* [Exercise goal] An exact transcription of all the data is the expected reply.
*-*-*
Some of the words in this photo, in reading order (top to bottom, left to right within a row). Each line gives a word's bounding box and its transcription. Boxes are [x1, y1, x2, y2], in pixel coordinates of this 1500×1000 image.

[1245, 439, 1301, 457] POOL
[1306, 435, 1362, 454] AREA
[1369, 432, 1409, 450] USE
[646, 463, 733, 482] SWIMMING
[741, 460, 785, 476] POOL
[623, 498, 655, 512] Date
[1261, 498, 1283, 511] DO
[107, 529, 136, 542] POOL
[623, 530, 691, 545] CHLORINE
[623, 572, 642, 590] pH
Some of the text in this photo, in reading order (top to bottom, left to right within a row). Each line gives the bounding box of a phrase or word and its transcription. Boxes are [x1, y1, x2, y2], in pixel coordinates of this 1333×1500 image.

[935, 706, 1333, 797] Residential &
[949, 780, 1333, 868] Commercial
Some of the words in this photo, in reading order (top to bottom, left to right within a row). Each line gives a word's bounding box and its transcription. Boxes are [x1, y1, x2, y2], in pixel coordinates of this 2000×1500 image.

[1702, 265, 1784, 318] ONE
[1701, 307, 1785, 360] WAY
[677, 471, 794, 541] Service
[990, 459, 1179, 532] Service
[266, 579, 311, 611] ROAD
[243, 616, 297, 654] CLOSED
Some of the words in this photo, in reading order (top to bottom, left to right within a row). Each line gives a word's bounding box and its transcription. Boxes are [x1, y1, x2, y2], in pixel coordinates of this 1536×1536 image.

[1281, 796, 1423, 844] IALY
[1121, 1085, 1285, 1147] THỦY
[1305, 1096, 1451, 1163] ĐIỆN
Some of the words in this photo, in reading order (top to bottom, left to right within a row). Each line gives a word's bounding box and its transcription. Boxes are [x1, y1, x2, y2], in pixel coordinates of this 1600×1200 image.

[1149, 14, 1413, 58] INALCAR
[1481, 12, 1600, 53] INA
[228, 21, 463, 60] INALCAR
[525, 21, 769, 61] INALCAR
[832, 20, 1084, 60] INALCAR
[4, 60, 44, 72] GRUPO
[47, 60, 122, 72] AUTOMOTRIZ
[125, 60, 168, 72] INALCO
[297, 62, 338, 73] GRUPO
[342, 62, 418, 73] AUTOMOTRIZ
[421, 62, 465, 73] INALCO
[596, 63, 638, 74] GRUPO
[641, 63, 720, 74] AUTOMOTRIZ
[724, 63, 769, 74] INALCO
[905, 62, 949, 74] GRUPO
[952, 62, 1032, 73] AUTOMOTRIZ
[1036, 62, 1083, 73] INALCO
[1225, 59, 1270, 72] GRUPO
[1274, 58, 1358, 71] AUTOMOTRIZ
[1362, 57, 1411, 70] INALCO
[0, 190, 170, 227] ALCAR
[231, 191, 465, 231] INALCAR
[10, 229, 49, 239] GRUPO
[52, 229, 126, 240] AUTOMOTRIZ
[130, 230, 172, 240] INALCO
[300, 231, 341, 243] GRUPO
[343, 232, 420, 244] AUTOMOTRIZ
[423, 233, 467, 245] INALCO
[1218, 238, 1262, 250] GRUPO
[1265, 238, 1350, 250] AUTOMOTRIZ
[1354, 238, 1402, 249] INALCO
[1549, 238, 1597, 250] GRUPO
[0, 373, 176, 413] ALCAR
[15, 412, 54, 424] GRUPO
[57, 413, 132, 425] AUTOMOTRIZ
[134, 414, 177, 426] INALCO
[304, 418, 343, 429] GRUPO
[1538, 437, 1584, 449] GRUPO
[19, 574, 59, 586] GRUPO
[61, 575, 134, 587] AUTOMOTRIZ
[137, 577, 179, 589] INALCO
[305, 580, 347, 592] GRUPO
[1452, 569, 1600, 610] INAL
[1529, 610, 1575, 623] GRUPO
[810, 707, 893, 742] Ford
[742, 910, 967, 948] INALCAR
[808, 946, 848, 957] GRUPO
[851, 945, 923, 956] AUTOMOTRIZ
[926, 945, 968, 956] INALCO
*-*-*
* [Solution for this task]
Some of the words in this photo, in reading order (top to bottom, left to right within a row). Each line gives a word's bounding box and its transcription. Boxes are [x1, y1, x2, y2], in pixel coordinates of this 1500×1000 image.

[1245, 439, 1301, 457] POOL
[1306, 435, 1362, 454] AREA
[1369, 432, 1409, 450] USE
[646, 463, 733, 482] SWIMMING
[741, 460, 785, 476] POOL
[623, 498, 655, 512] Date
[1261, 498, 1283, 511] DO
[107, 529, 136, 542] POOL
[623, 530, 691, 545] CHLORINE
[623, 572, 642, 590] pH
Some of the text in this photo, in reading order (top to bottom, left to right within a row). Each line gives the bounding box of a phrase or word and its transcription. Boxes are [x1, y1, x2, y2], in pixel coordinates of this 1333×1500 image.

[935, 706, 1333, 797] Residential &
[949, 780, 1333, 868] Commercial
Some of the words in this photo, in reading order (top to bottom, left to right within a row). Each line gives a word's bounding box and its transcription. Boxes are [x1, y1, x2, y2], in pixel coordinates of this 2000×1500 image.

[1702, 265, 1784, 318] ONE
[1701, 307, 1785, 360] WAY
[677, 471, 794, 541] Service
[990, 459, 1179, 532] Service
[266, 579, 311, 611] ROAD
[243, 616, 297, 654] CLOSED
Some of the words in this photo, in reading order (top to bottom, left to right within a row). Each line gives a word's bounding box and its transcription. Boxes are [x1, y1, x2, y2], in pixel coordinates of this 1536×1536 image.

[1281, 796, 1423, 844] IALY
[1121, 1085, 1285, 1147] THỦY
[1305, 1096, 1451, 1163] ĐIỆN
Some of the words in this photo, in reading order (top to bottom, left to right within a row). Each line gives a word's bounding box and its transcription. Boxes are [x1, y1, x2, y2], in pixel coordinates of this 1600×1200 image.

[1149, 14, 1413, 58] INALCAR
[1481, 12, 1600, 53] INA
[228, 21, 463, 60] INALCAR
[525, 21, 769, 61] INALCAR
[832, 20, 1084, 60] INALCAR
[4, 60, 44, 72] GRUPO
[47, 60, 122, 72] AUTOMOTRIZ
[125, 60, 168, 72] INALCO
[297, 62, 338, 73] GRUPO
[342, 62, 418, 73] AUTOMOTRIZ
[421, 62, 465, 73] INALCO
[596, 63, 638, 74] GRUPO
[641, 63, 720, 74] AUTOMOTRIZ
[724, 63, 769, 74] INALCO
[905, 62, 949, 74] GRUPO
[952, 62, 1032, 73] AUTOMOTRIZ
[1036, 62, 1083, 73] INALCO
[1225, 59, 1270, 72] GRUPO
[1274, 58, 1358, 71] AUTOMOTRIZ
[1362, 57, 1411, 70] INALCO
[0, 190, 170, 227] ALCAR
[231, 191, 465, 231] INALCAR
[10, 229, 49, 239] GRUPO
[52, 229, 126, 240] AUTOMOTRIZ
[130, 230, 172, 240] INALCO
[300, 231, 341, 243] GRUPO
[343, 232, 420, 244] AUTOMOTRIZ
[423, 233, 467, 245] INALCO
[1218, 238, 1262, 250] GRUPO
[1265, 238, 1350, 250] AUTOMOTRIZ
[1354, 238, 1402, 249] INALCO
[1549, 238, 1597, 250] GRUPO
[0, 373, 176, 413] ALCAR
[15, 412, 54, 424] GRUPO
[57, 413, 132, 425] AUTOMOTRIZ
[134, 414, 177, 426] INALCO
[304, 418, 343, 429] GRUPO
[1538, 437, 1584, 449] GRUPO
[19, 574, 59, 586] GRUPO
[61, 575, 134, 587] AUTOMOTRIZ
[137, 577, 179, 589] INALCO
[305, 580, 347, 592] GRUPO
[1452, 569, 1600, 610] INAL
[1529, 610, 1575, 623] GRUPO
[810, 707, 893, 742] Ford
[742, 910, 967, 948] INALCAR
[808, 946, 848, 957] GRUPO
[851, 945, 923, 956] AUTOMOTRIZ
[926, 945, 968, 956] INALCO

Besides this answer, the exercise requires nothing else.